This works for wt when I replace `"body": {}" with the following:

"body": {
    "counter": 1,
    "ids": {
        "mwAA": {
            "dsr": [
                0,
                949,
                0,
                0
            ]
        },
        "mwAQ": {
            "dsr": [
                928,
                949,
                0,
                0
            ]
        }
    }
}

EDIT: The key is having body.ids -- at least "body": { "ids": {} }

Here's the source of the problem: https://github.com/wikimedia/parsoid/blob/04721c235f9cc6d4ffdca8418e73d602aecfebba/lib/mediawiki.DOMUtils.js#L1963

Would it be better to allow for an id-less body?

e.g.

Object.keys( dp.ids || {} ).forEach(function ( key ) {

• Jdouglas updated the task description. (Show Details)Dec 29 2014, 10:28 PM

@Jdouglas: Passing in data-parsoid without ids in the body could be considered a bug in the client worth highlighting. If that passed unnoticed, the result would likely be wikitext corruption in edits, which would make many people unhappy. If we send the 'original' object, then it should contain both html *and* a valid data-parsoid attribute, both from storage.

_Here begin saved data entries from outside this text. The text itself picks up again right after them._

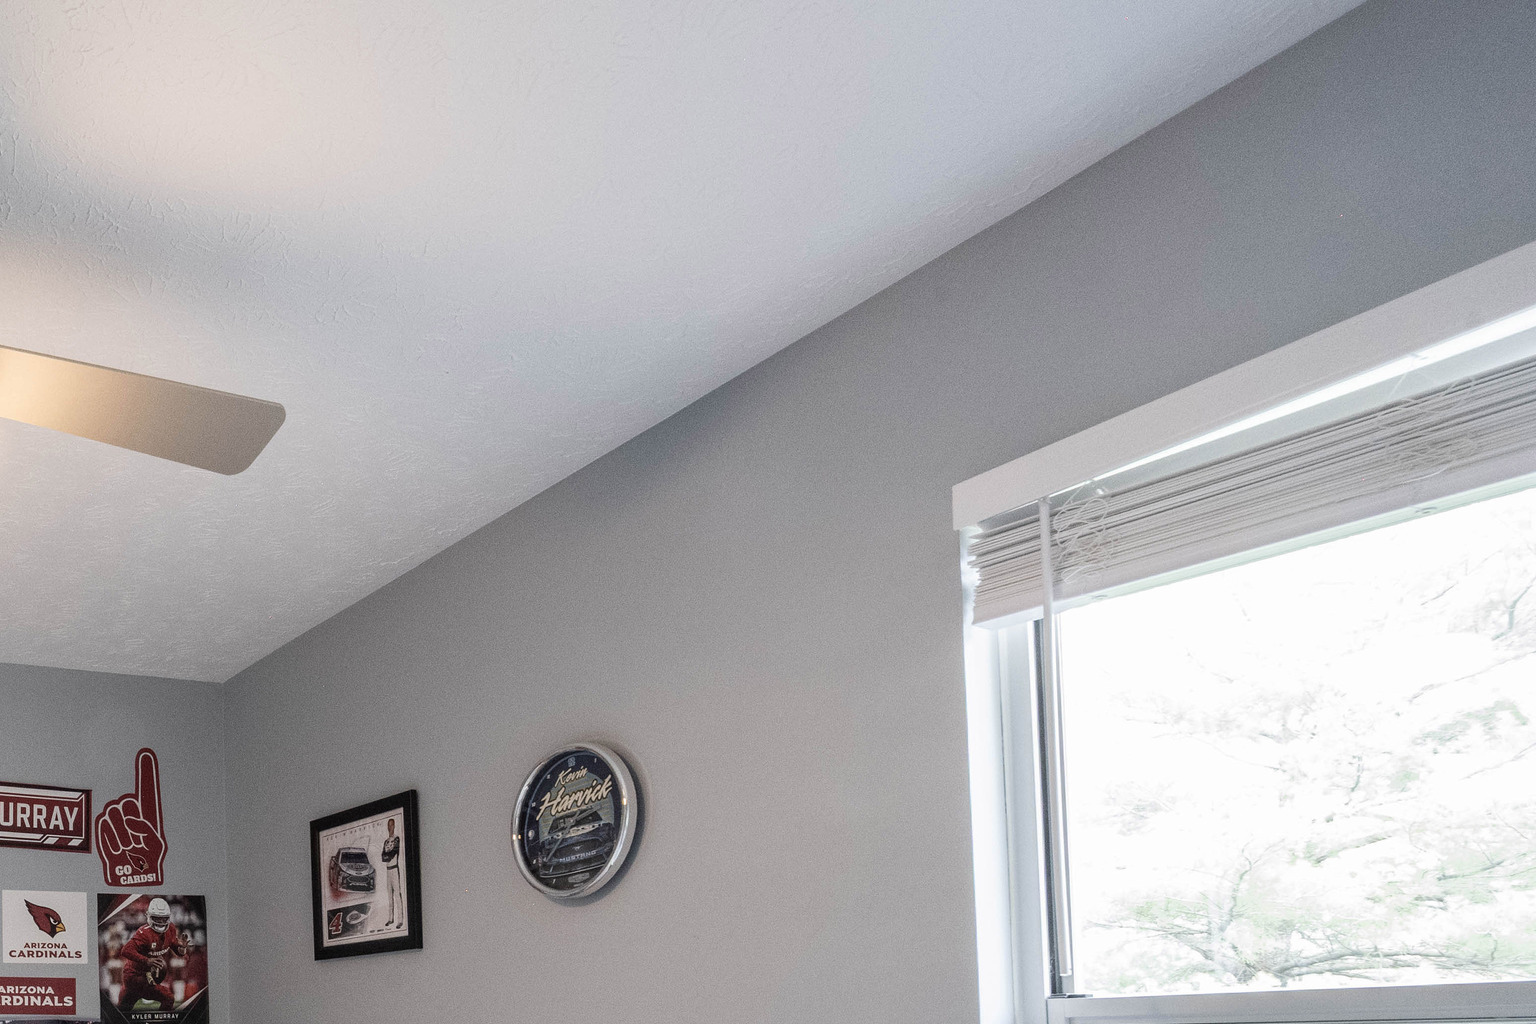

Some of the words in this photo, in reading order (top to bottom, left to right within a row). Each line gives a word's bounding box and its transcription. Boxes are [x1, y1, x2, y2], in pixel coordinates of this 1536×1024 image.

[536, 774, 613, 820] Harvick
[115, 865, 132, 876] GO
[120, 873, 157, 885] CARDS!
[329, 912, 343, 935] 4
[9, 950, 82, 959] CARDINALS

Parsoid also needs to support html2wt conversion without the 'original' object (for new page creation for example). That might be a simpler mode to test for the first iteration.

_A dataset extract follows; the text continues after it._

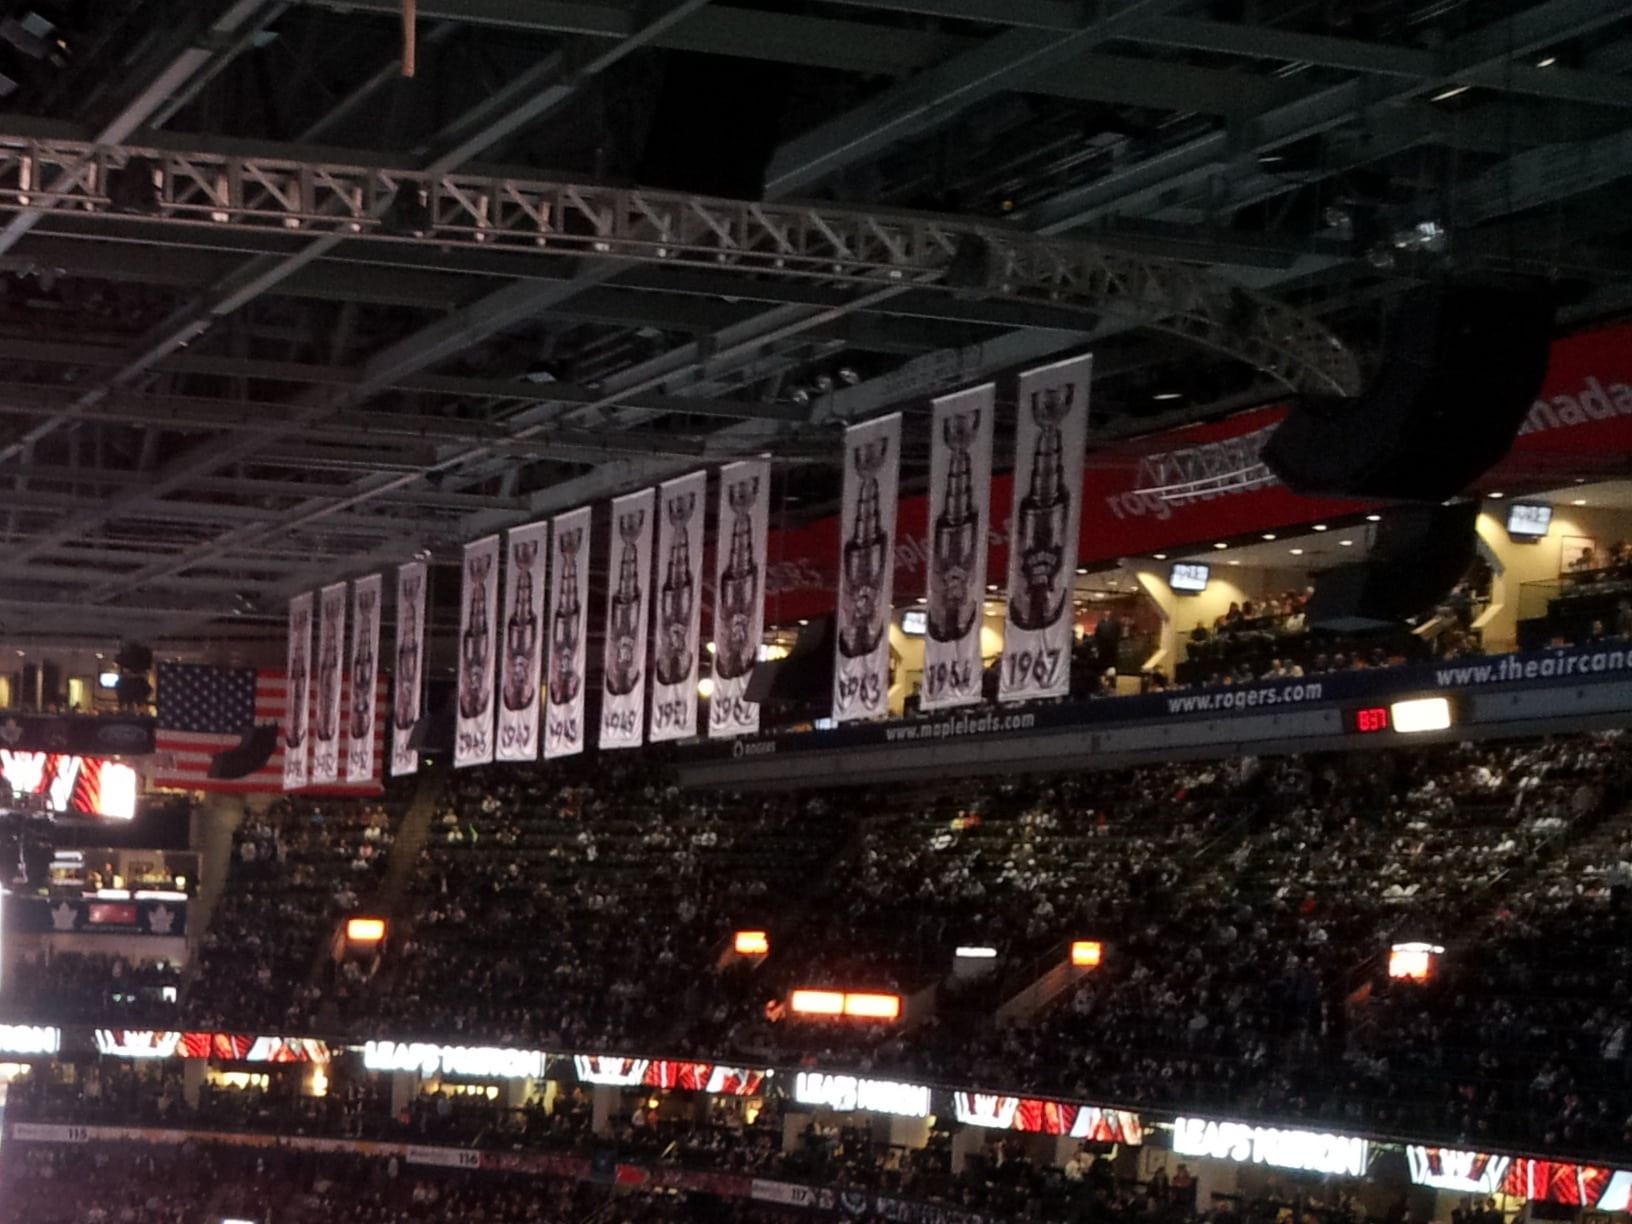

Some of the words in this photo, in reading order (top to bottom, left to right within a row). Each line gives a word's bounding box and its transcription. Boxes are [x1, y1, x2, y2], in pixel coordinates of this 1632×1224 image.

[1518, 375, 1632, 435] nada
[1009, 650, 1060, 688] 1967
[1167, 681, 1323, 714] www.rogers.com
[886, 712, 1036, 741] www.mapleleafs.com

Gotcha. Does Parsoid have any infrastructure for validation? A 400 with a reason might be more informative to an erroneous client than a 500 with an obscure es6-shim stack trace.

• GWicke mentioned this in T76883: Flatten internal URL structure and move away from a layered overloading model.Dec 29 2014, 11:24 PM

@Jdouglas I think validation is fairly embryonic at this point. Definitely agreed on 400 being better than 500.

• GWicke updated the task description. (Show Details)Dec 29 2014, 11:34 PM

• GWicke updated the task description. (Show Details)

Understandable, considering we're operating without a type system. :]

@Jdouglas: To be fair, JSON schema validation is not usually happening for free just by having stronger typing.

Change 165685 merged by Jdouglas:
API v2 parsing and serialization routes

https://gerrit.wikimedia.org/r/165685

See proposed tests here: https://github.com/wikimedia/restbase/pull/98

@GWicke:

If the modified html is just a string, then Parsoid is expected to assume that it's in the latest html version.

Does this refer to a POST to parsoid/v2/{domain}/wt/{title}/{oldid} with a request body containing raw HTML?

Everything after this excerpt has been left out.